Exactly reproduce all the records, keeping pictures out of the copy.
[Materials provided]
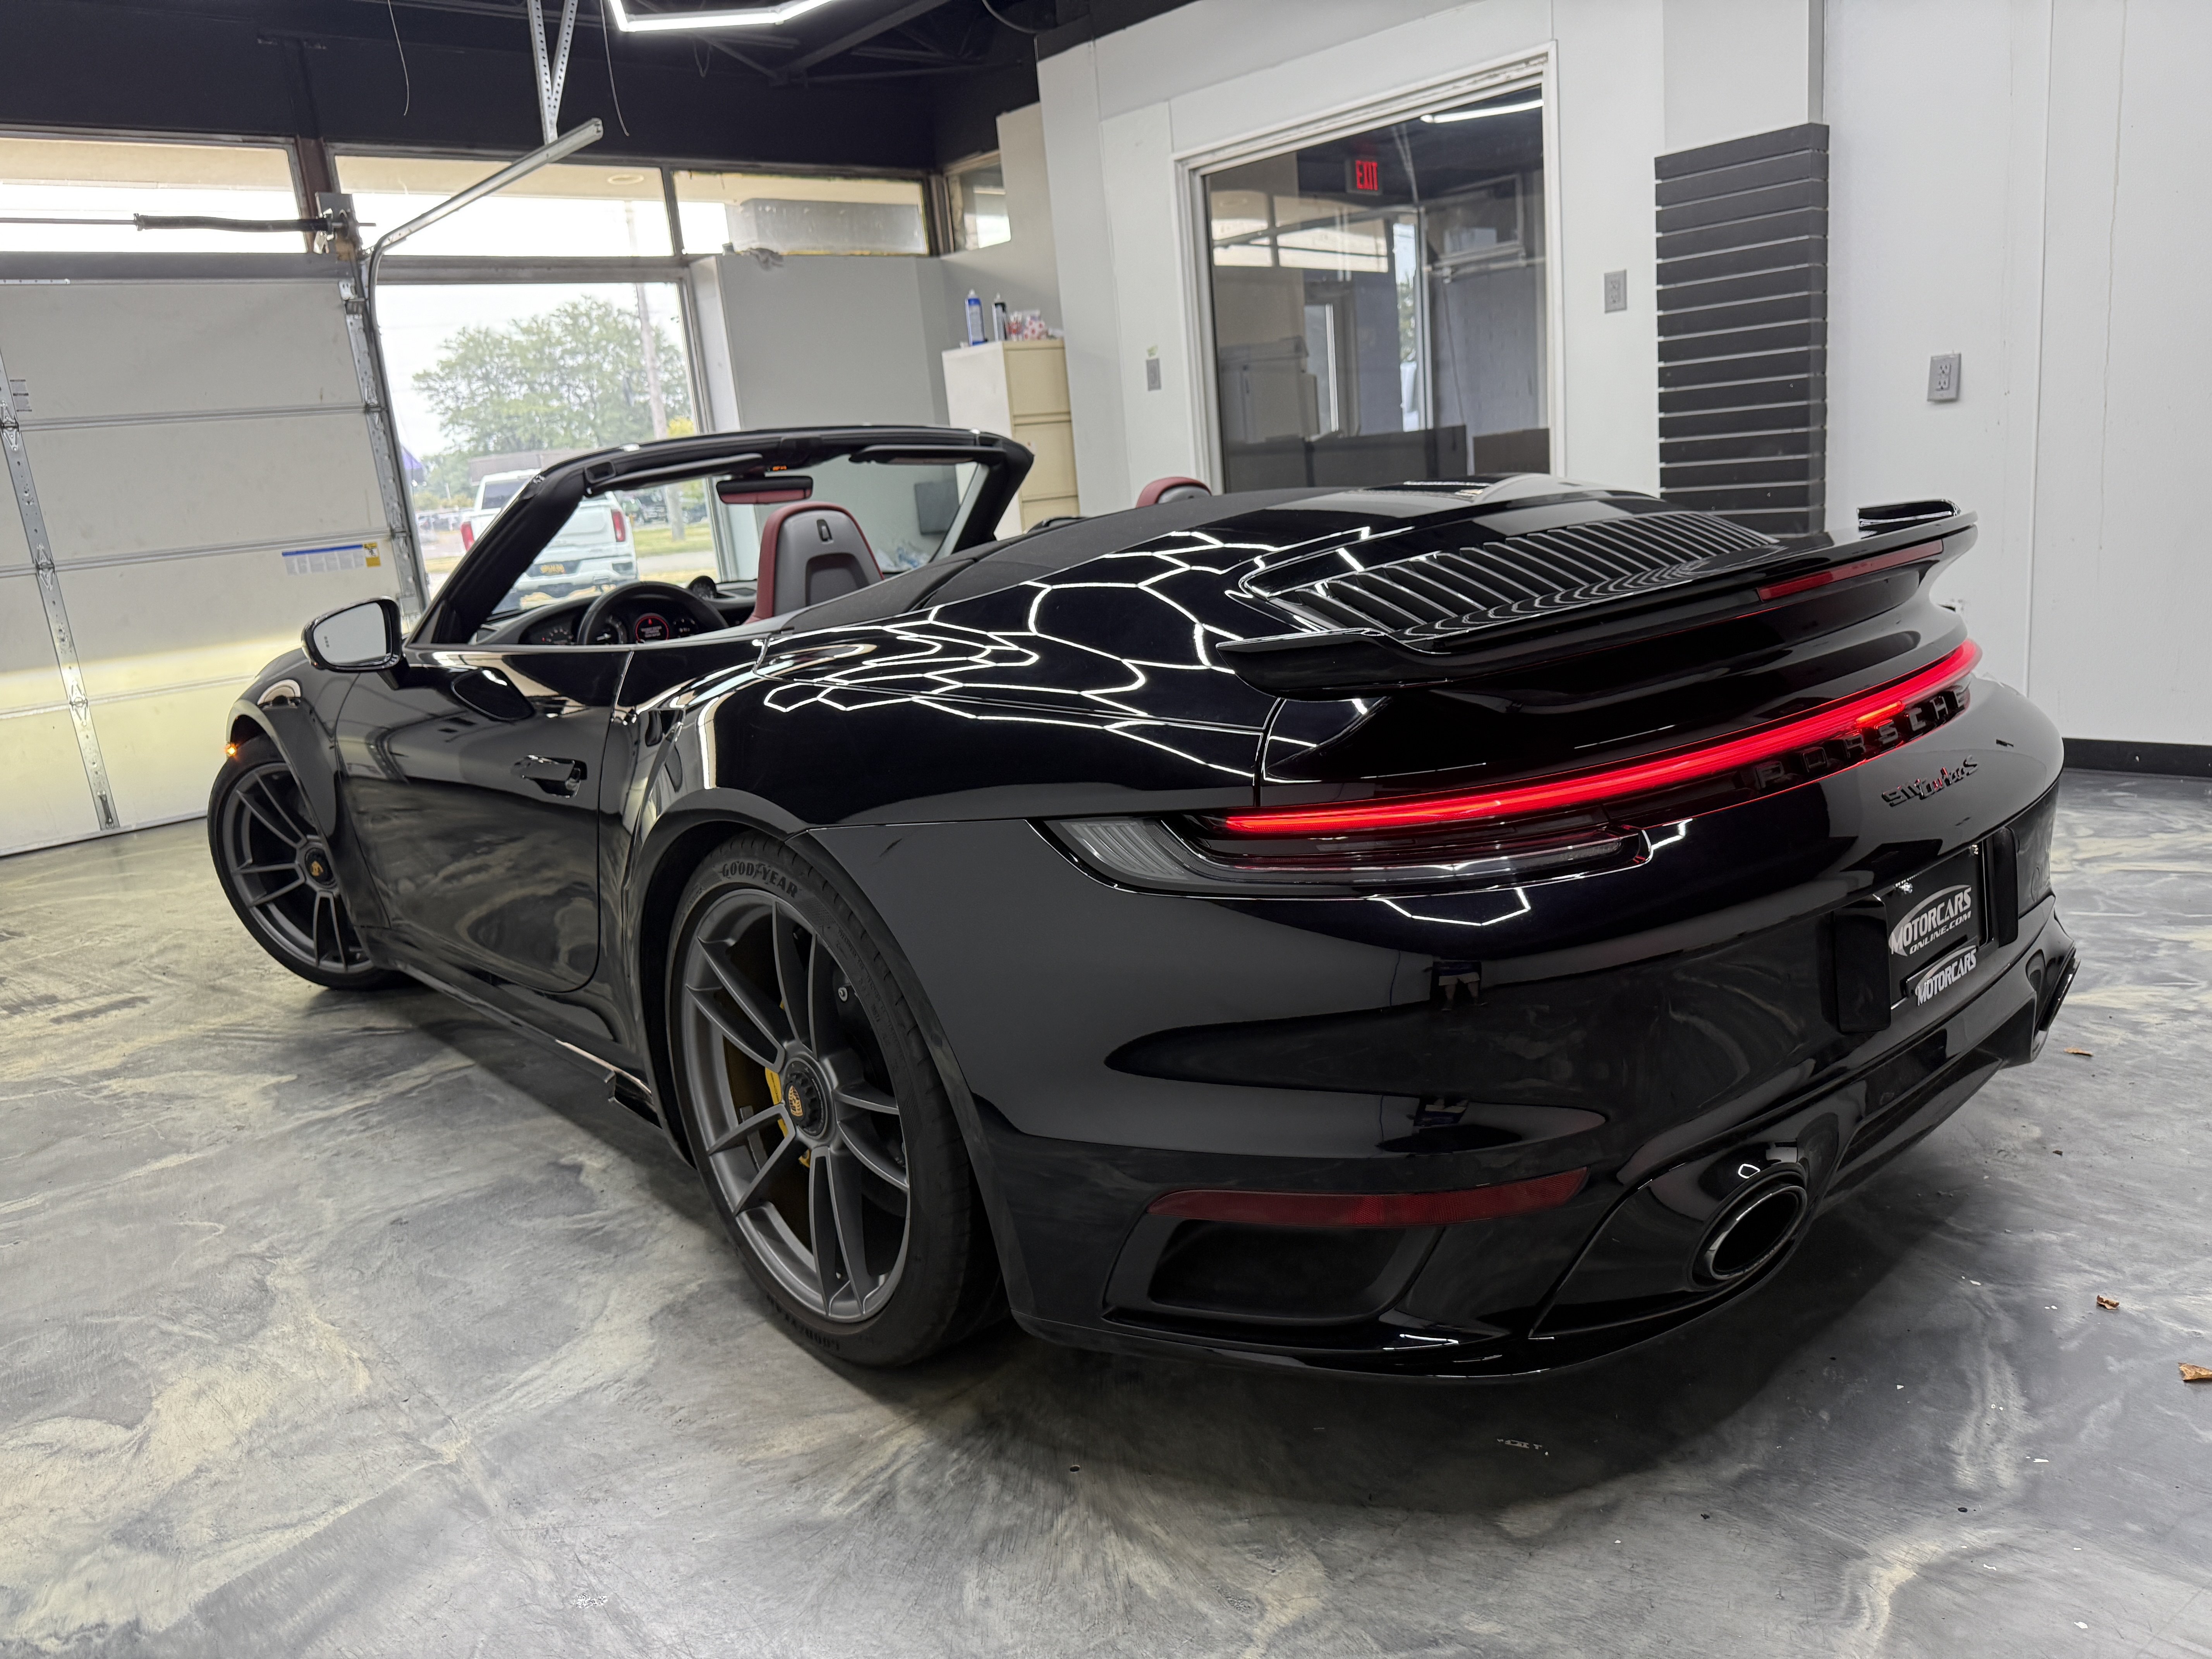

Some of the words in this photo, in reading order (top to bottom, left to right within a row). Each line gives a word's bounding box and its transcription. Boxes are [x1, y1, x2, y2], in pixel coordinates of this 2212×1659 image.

[1356, 160, 1378, 190] EXIT
[1755, 687, 1968, 790] PORSCHE
[722, 861, 799, 898] GOODYEAR
[1891, 887, 1972, 955] MOTORCARS
[1910, 910, 1972, 955] ONLINE.COM
[1918, 948, 1977, 1006] MOTORCARS
[/Materials provided]
Your solution:
Some of the words in this photo, in reading order (top to bottom, left to right within a row). Each line gives a word's bounding box and its transcription. Boxes are [x1, y1, x2, y2], in pixel coordinates of this 2212×1659 image.

[1356, 160, 1378, 190] EXIT
[1755, 687, 1968, 790] PORSCHE
[722, 861, 799, 898] GOODYEAR
[1891, 887, 1972, 955] MOTORCARS
[1910, 910, 1972, 955] ONLINE.COM
[1918, 948, 1977, 1006] MOTORCARS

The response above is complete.